Voir une femme accéder à la plus haute fonction politique du pays a une portée historique évidente. Pourtant, la société japonaise n’attend pas nécessairement une révolution. Takaichi n’a jamais revendiqué le féminisme : elle se présente comme une dirigeante pragmatique, attachée aux traditions et à la stabilité.
Son élection illustre davantage l’évolution lente du PLD que celle du rapport entre les sexes au Japon. Le symbole est fort, mais il ne s’accompagne pas d’une transformation de fond.
Derrière cette victoire éclatante, le pouvoir de Takaichi reste fragile. Le PLD ne dispose plus de la majorité absolue à la Diète et doit s’appuyer sur une coalition avec le Nippon Ishin no Kai (日本維新の会) (1). Cette alliance, plus tactique que naturelle, risque de rendre la gouvernance difficile.
"Et voilà. Sanae Takaichi devient Première ministre du Japon… sans avoir été élue par le peuple !"

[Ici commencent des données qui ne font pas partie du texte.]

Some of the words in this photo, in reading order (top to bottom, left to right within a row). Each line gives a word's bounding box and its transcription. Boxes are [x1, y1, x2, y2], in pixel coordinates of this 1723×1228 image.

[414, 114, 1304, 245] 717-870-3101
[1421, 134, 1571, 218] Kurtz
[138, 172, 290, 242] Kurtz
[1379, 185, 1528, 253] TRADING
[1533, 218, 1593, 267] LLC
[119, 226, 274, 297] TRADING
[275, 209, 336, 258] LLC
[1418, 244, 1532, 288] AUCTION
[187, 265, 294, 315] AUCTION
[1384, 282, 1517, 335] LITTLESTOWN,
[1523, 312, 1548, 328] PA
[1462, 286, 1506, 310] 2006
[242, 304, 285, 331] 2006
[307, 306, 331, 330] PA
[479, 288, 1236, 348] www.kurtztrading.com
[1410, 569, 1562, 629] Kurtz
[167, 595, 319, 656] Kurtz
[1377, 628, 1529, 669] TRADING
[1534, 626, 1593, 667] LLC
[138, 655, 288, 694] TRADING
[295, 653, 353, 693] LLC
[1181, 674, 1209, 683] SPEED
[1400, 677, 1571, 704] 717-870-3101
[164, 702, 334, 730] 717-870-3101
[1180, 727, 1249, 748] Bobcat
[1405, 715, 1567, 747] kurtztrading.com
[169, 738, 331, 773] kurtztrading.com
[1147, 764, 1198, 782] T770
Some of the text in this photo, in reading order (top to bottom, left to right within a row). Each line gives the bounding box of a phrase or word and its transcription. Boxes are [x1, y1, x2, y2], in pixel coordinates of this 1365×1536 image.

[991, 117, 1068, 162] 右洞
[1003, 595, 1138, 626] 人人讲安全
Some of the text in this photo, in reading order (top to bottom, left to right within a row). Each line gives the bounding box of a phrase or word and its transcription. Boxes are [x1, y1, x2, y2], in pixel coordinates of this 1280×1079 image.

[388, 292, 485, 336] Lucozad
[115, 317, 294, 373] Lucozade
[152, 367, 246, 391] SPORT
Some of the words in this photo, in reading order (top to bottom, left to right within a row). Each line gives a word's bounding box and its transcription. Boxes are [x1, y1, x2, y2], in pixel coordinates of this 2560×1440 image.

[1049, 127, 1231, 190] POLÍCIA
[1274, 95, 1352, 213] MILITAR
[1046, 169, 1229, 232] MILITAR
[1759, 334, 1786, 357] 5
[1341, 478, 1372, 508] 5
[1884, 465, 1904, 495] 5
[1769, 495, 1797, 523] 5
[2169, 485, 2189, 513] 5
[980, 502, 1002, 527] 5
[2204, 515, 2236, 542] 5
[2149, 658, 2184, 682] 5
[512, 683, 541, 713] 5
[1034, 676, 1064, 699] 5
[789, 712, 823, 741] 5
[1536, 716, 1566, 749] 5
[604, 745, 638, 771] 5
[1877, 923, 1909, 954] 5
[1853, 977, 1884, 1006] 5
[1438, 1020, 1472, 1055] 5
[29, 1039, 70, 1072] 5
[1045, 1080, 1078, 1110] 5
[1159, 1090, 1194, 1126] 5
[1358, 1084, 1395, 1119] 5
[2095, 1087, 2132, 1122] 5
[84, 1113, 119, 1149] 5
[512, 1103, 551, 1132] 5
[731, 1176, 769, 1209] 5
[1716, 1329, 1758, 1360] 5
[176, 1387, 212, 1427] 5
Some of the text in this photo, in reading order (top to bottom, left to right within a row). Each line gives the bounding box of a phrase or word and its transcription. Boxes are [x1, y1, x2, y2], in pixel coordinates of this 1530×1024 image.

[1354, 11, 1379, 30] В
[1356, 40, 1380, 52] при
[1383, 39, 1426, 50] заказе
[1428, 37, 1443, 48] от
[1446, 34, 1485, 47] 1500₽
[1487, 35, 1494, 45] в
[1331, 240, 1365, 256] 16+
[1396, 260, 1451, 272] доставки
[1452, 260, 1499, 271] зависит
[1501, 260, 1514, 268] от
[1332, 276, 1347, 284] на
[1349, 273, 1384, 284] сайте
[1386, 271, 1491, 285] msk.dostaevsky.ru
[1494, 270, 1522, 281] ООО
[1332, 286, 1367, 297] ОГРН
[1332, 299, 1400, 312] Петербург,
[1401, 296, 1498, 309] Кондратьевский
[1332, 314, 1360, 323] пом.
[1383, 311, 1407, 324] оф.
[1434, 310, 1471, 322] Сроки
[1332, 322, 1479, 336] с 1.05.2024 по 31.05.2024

Le constat de Mr Japanization sur Facebook résonne fort. Derrière l’apparence d’un moment historique, il n’y a pas eu, en réalité, d’élection populaire. Takaichi Sanae accède au pouvoir par le jeu interne du Parti libéral-démocrate, au pouvoir presque sans discontinuer depuis soixante-dix ans. Bien entendu, cette situation n’est pas propre au Japon : dans la plupart des régimes parlementaires, comme au Royaume-Uni ou au Canada, le chef du gouvernement est désigné par la majorité parlementaire. Mais ici, la domination durable du Parti libéral-démocrate rend le processus plus proche d’une succession interne que d’un véritable choix démocratique.
C’est ce que dénonce le média indépendant, qui pointe aussi les affinités idéologiques de Takaichi avec l’extrême droite japonaise. Proche du mouvement Nippon Kaigi (日本会議) (2), elle partage avec lui une vision nationaliste du Japon : réarmement, révision de la Constitution pacifiste, rejet des minorités et défense d’un modèle social traditionnel où la place des femmes reste cantonnée à la famille.
Son ascension, applaudie à l’étranger comme une victoire symbolique pour la représentation féminine, masque selon lui un projet de société profondément conservateur. Dans un pays déjà épuisé par la sur-productivité et la précarité, cette ligne politique apparaît comme un retour en arrière plus qu’une promesse de renouveau.
"Tant que ce sera pour appliquer les mêmes recettes néolibérales depuis cinquante ans, en pire, ce ne sera pas une avancée pour les femmes ni pour les hommes."
Difficile de ne pas partager ce constat, même en gardant à l’esprit que le système politique japonais, fondé sur la stabilité et la continuité, rend tout changement réel presque impossible.
(1) Le Nippon Ishin no Kai ou Japan Innovation Party (日本維新の会) est un parti politique japonais fondé en 2015 à Ōsaka. Il se positionne comme libéral sur le plan économique et conservateur sur le plan social, prônant la décentralisation du pouvoir, la réforme de l’administration et une politique budgétaire stricte. Héritier du mouvement réformateur lancé par Hashimoto Tōru (橋下徹), ancien gouverneur d’Ōsaka, le parti cherche à incarner une droite “modernisatrice”, plus agressive dans ses réformes que le Parti libéral-démocrate, tout en partageant avec lui une vision nationaliste et sécuritaire du Japon.
(2) Nippon Kaigi (日本会議) est le principal lobby nationaliste du Japon, fondé en 1997. Il regroupe des parlementaires, des chefs d’entreprise et des religieux shintō autour d’un même objectif : restaurer les “valeurs traditionnelles” du Japon d’avant-guerre. L’organisation milite pour réviser la Constitution pacifiste, renforcer l’armée, promouvoir le patriotisme à l’école et réhabiliter la figure impériale. Très influent au sein du Parti libéral-démocrate, il a longtemps compté parmi ses soutiens l’ancien Premier ministre Abe Shinzō (安倍晋三) — et désormais Takaichi Sanae (高市早苗).